[INSTRUCTIONS TO FOLLOW]:
Reproduce the listing exactly, keeping every word as it is.

══════════

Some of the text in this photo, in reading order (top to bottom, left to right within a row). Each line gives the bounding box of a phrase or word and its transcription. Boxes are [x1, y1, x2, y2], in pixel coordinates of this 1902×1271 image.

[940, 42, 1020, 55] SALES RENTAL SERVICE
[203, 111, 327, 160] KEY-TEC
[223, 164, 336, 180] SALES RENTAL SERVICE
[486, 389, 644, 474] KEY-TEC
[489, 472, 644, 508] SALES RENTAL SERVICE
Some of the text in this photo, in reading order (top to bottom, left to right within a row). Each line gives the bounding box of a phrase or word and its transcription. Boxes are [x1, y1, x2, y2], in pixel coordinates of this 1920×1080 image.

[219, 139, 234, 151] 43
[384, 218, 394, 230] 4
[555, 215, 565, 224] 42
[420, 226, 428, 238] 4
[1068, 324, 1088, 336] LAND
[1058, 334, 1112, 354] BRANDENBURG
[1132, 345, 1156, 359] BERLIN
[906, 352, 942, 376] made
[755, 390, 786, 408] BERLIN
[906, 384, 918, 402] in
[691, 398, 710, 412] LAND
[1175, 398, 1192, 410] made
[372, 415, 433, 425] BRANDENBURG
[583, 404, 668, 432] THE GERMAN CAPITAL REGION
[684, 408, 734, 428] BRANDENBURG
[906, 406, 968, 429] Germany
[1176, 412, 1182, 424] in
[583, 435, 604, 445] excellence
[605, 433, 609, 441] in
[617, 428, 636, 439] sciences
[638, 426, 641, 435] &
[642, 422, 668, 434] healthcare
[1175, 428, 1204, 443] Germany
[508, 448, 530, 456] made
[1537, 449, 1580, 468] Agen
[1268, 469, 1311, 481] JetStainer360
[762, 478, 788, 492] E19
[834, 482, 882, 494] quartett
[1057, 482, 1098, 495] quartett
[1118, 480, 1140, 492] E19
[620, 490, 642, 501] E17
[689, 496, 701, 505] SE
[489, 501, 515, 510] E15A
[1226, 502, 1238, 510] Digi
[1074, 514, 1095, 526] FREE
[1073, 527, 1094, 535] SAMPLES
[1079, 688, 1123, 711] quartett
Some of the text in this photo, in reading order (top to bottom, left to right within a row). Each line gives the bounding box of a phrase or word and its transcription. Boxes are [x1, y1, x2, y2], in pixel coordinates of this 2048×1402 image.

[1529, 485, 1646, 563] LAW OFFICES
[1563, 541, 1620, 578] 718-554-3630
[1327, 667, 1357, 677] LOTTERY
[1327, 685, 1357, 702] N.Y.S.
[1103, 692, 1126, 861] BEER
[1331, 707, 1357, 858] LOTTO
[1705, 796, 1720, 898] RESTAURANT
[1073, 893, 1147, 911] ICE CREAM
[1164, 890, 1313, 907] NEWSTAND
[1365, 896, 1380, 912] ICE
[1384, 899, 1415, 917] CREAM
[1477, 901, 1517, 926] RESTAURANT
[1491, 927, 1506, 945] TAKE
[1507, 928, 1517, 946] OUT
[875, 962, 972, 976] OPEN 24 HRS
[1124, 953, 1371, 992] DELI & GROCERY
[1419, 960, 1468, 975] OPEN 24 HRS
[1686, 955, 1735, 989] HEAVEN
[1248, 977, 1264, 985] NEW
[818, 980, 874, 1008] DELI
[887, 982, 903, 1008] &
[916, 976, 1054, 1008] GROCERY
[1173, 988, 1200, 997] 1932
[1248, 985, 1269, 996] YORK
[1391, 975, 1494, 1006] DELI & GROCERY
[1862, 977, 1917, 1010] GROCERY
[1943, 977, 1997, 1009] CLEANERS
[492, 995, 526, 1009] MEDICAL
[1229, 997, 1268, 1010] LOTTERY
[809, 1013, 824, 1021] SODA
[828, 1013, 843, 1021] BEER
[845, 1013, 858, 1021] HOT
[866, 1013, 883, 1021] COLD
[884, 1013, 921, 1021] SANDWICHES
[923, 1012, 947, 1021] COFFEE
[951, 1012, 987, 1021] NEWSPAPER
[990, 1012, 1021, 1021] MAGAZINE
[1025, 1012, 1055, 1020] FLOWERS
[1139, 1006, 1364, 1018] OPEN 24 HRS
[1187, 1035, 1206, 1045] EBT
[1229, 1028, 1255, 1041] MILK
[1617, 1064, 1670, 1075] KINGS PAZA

══════════

[SOLUTION FOR THIS EXERCISE]:
Some of the text in this photo, in reading order (top to bottom, left to right within a row). Each line gives the bounding box of a phrase or word and its transcription. Boxes are [x1, y1, x2, y2], in pixel coordinates of this 1902×1271 image.

[940, 42, 1020, 55] SALES RENTAL SERVICE
[203, 111, 327, 160] KEY-TEC
[223, 164, 336, 180] SALES RENTAL SERVICE
[486, 389, 644, 474] KEY-TEC
[489, 472, 644, 508] SALES RENTAL SERVICE
Some of the text in this photo, in reading order (top to bottom, left to right within a row). Each line gives the bounding box of a phrase or word and its transcription. Boxes are [x1, y1, x2, y2], in pixel coordinates of this 1920×1080 image.

[219, 139, 234, 151] 43
[384, 218, 394, 230] 4
[555, 215, 565, 224] 42
[420, 226, 428, 238] 4
[1068, 324, 1088, 336] LAND
[1058, 334, 1112, 354] BRANDENBURG
[1132, 345, 1156, 359] BERLIN
[906, 352, 942, 376] made
[755, 390, 786, 408] BERLIN
[906, 384, 918, 402] in
[691, 398, 710, 412] LAND
[1175, 398, 1192, 410] made
[372, 415, 433, 425] BRANDENBURG
[583, 404, 668, 432] THE GERMAN CAPITAL REGION
[684, 408, 734, 428] BRANDENBURG
[906, 406, 968, 429] Germany
[1176, 412, 1182, 424] in
[583, 435, 604, 445] excellence
[605, 433, 609, 441] in
[617, 428, 636, 439] sciences
[638, 426, 641, 435] &
[642, 422, 668, 434] healthcare
[1175, 428, 1204, 443] Germany
[508, 448, 530, 456] made
[1537, 449, 1580, 468] Agen
[1268, 469, 1311, 481] JetStainer360
[762, 478, 788, 492] E19
[834, 482, 882, 494] quartett
[1057, 482, 1098, 495] quartett
[1118, 480, 1140, 492] E19
[620, 490, 642, 501] E17
[689, 496, 701, 505] SE
[489, 501, 515, 510] E15A
[1226, 502, 1238, 510] Digi
[1074, 514, 1095, 526] FREE
[1073, 527, 1094, 535] SAMPLES
[1079, 688, 1123, 711] quartett
Some of the text in this photo, in reading order (top to bottom, left to right within a row). Each line gives the bounding box of a phrase or word and its transcription. Boxes are [x1, y1, x2, y2], in pixel coordinates of this 2048×1402 image.

[1529, 485, 1646, 563] LAW OFFICES
[1563, 541, 1620, 578] 718-554-3630
[1327, 667, 1357, 677] LOTTERY
[1327, 685, 1357, 702] N.Y.S.
[1103, 692, 1126, 861] BEER
[1331, 707, 1357, 858] LOTTO
[1705, 796, 1720, 898] RESTAURANT
[1073, 893, 1147, 911] ICE CREAM
[1164, 890, 1313, 907] NEWSTAND
[1365, 896, 1380, 912] ICE
[1384, 899, 1415, 917] CREAM
[1477, 901, 1517, 926] RESTAURANT
[1491, 927, 1506, 945] TAKE
[1507, 928, 1517, 946] OUT
[875, 962, 972, 976] OPEN 24 HRS
[1124, 953, 1371, 992] DELI & GROCERY
[1419, 960, 1468, 975] OPEN 24 HRS
[1686, 955, 1735, 989] HEAVEN
[1248, 977, 1264, 985] NEW
[818, 980, 874, 1008] DELI
[887, 982, 903, 1008] &
[916, 976, 1054, 1008] GROCERY
[1173, 988, 1200, 997] 1932
[1248, 985, 1269, 996] YORK
[1391, 975, 1494, 1006] DELI & GROCERY
[1862, 977, 1917, 1010] GROCERY
[1943, 977, 1997, 1009] CLEANERS
[492, 995, 526, 1009] MEDICAL
[1229, 997, 1268, 1010] LOTTERY
[809, 1013, 824, 1021] SODA
[828, 1013, 843, 1021] BEER
[845, 1013, 858, 1021] HOT
[866, 1013, 883, 1021] COLD
[884, 1013, 921, 1021] SANDWICHES
[923, 1012, 947, 1021] COFFEE
[951, 1012, 987, 1021] NEWSPAPER
[990, 1012, 1021, 1021] MAGAZINE
[1025, 1012, 1055, 1020] FLOWERS
[1139, 1006, 1364, 1018] OPEN 24 HRS
[1187, 1035, 1206, 1045] EBT
[1229, 1028, 1255, 1041] MILK
[1617, 1064, 1670, 1075] KINGS PAZA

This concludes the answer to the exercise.